Adaptive stewardship grazing is not one thing. It’s a bunch of things. It’s a flexible system of grazing livestock that allows producers to adapt to changing conditions and encourages farmers to be good stewards to the land.
They noticed a difference over time in the productivity of their herd. The average daily gain was increasing. It went from 1.6 pounds in 2009 to 2.6 pounds in 2019. They began testing the soil with purpose and found that during that same time, the organic matter in the soil increased significantly, from 2.45% organic matter in 2009 to 6.7% in 2019.
“It’s just because we came up with a grazing system. We weren’t even intentional about soil,” he said.
Now, how does Elzinga’s success story apply to people grazing livestock in western Pennsylvania? More than you might think. Many of the native grasses in Idaho’s High Pahsimeroi Valley are the same or similar to ones found in this area.
He attributed nine things to the success on his ranch. The first two are to mimic nature and diversify. That means think about how grazing animals native to that area used the land. Did buffalo or deer graze in large herds or small herds? What was the diversity of plants like?
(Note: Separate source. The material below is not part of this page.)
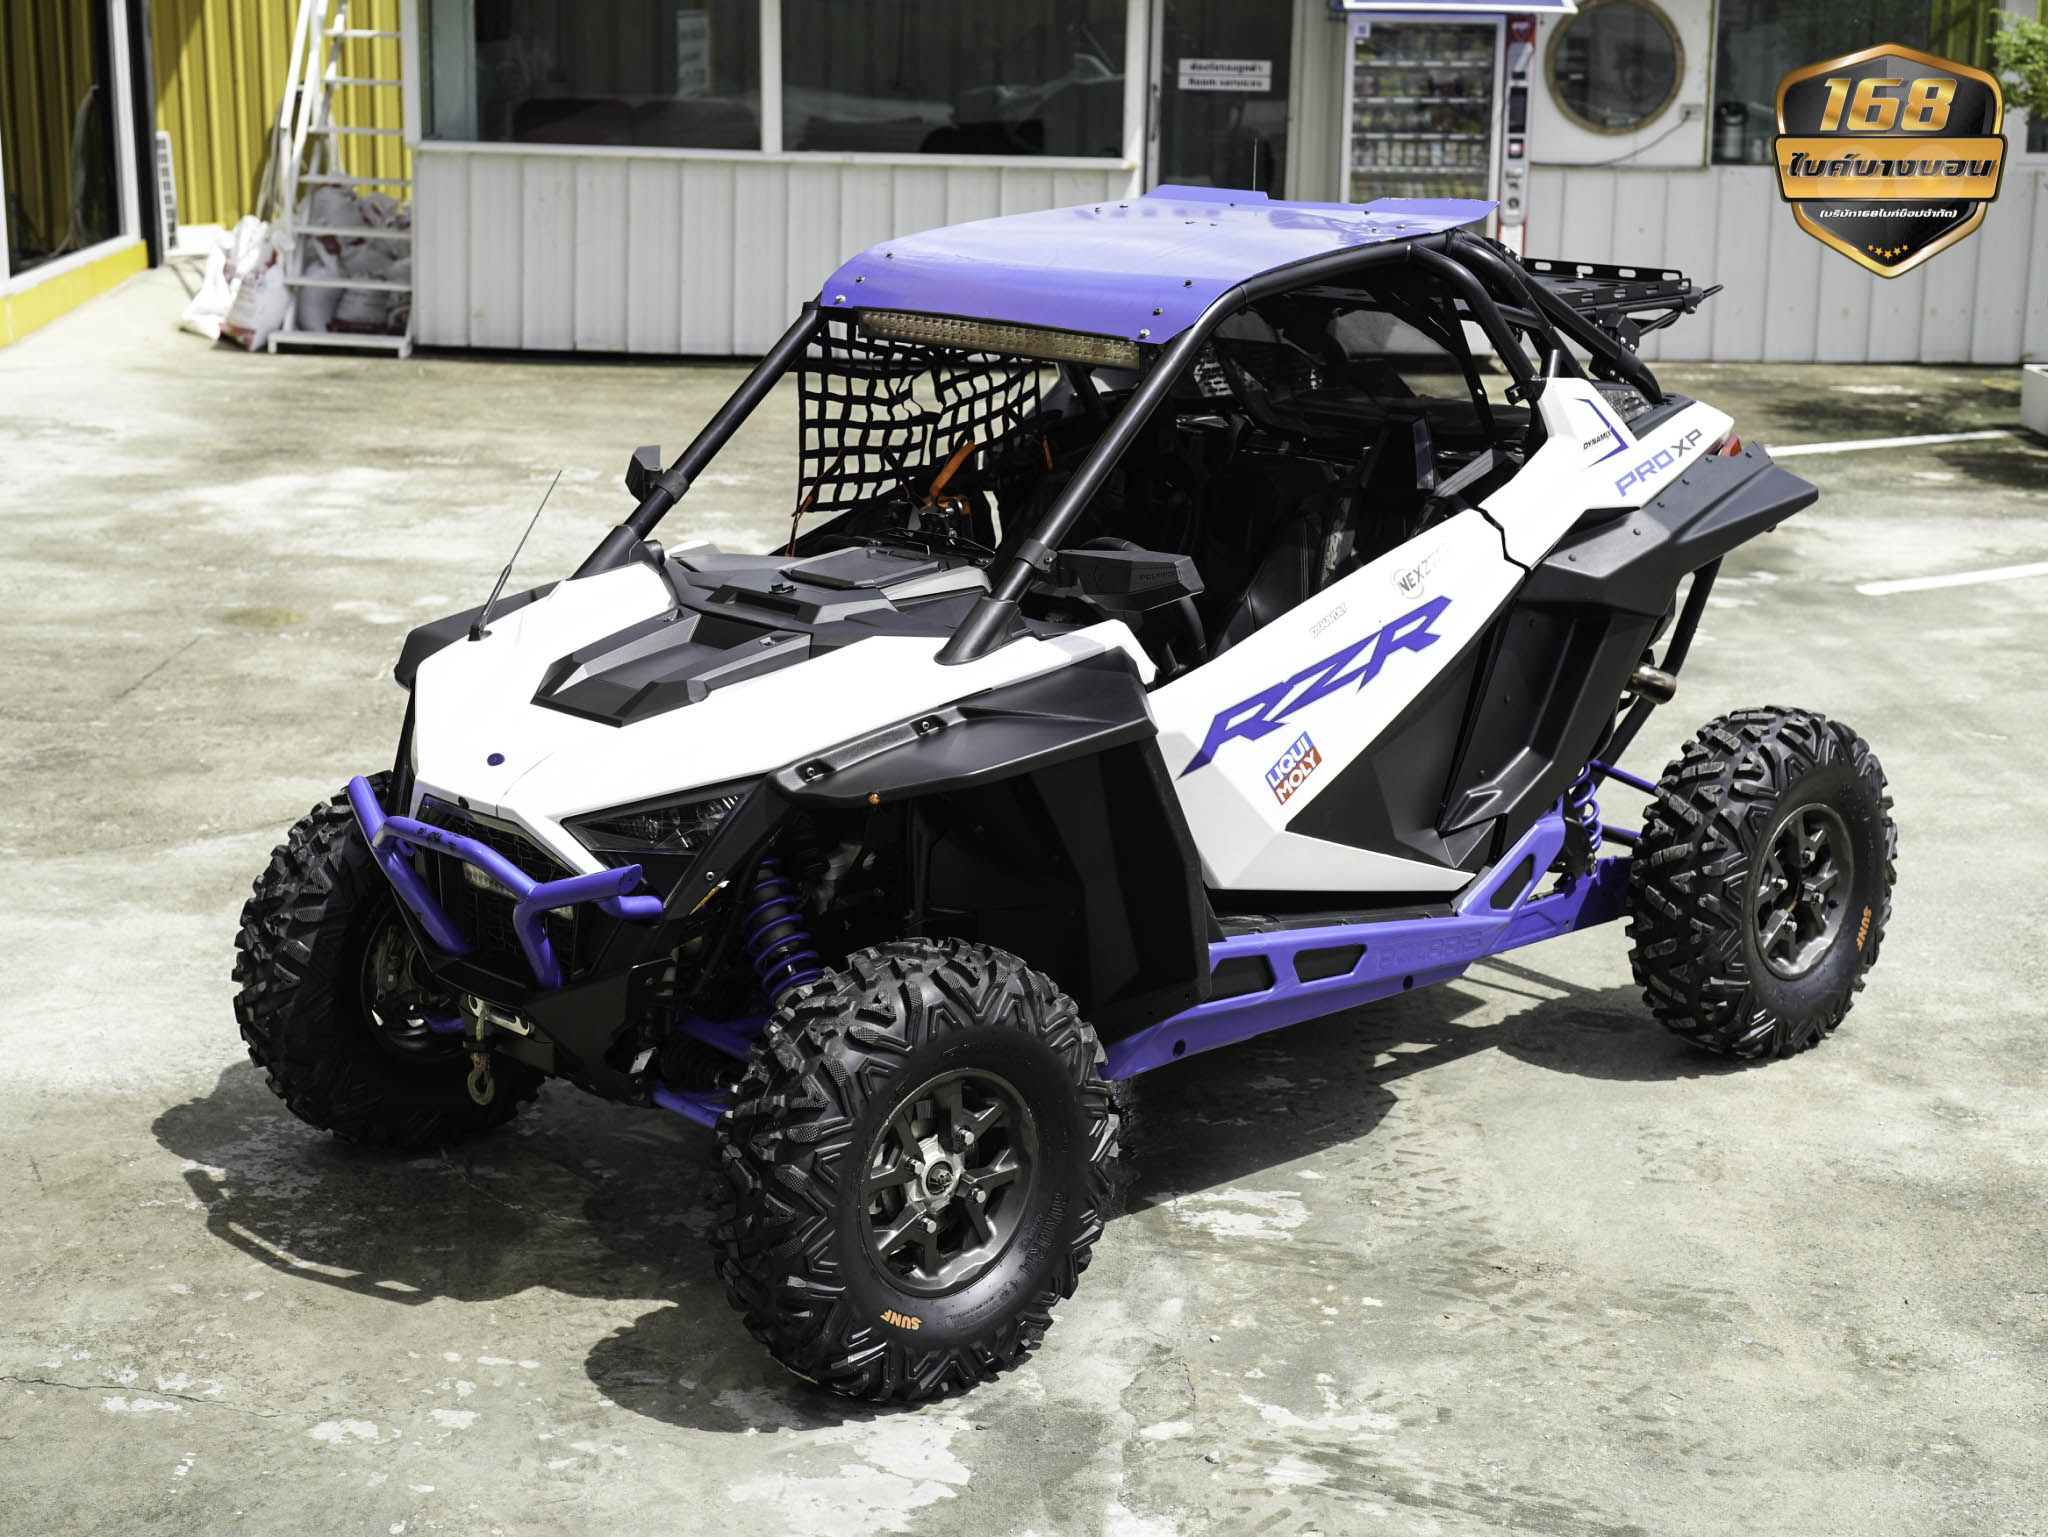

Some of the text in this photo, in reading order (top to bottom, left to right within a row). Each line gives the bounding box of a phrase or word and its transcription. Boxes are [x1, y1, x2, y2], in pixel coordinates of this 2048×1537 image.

How can you build that up again if it’s been depleted?
The third is adaptive stewardship grazing. Fourth is to take a side on ’cides, meaning insecticides, pesticides and herbicides. To go organic, the Elzingas went cold turkey and stopped using conventional chemicals. Productivity of their pastures dropped initially, but they’ve recovered and now get a premium from selling organic meat.
Number five is to import biomass. For Elzinga, that means feeding hay on pastures and spreading it out, rather than letting it sit in round bales and rot into the ground. The sixth rule is hire animals. For example, the Elzingas’ pigs and horses dig up and eat invasive quackgrass roots.
Seven is enterprise stacking. Alderspring Ranch doesn’t just rely on its beef to pay the bills. Eight is to minimize iron, of use as little heavy equipment as is needed to do the job. And, last, cultivate relationships with fellow farmers, scientists and educators.
Alderspring Ranch sells 18-ounce ribeye steaks for $61.90. They market their beef as “artisanally raised wild protein” because of how they graze their herd on native grasslands. He challenged those at the grazing conference to think about how they market their products.
“You don’t have to be in the Rocky Mountains to do this,” Elzinga said. “You can be in western Pennsylvania.”
This was the 23rd year for the grazing conference, hosted by Headwaters Resource Conservation and Development Council. There were 140 people signed up for the two-day conference.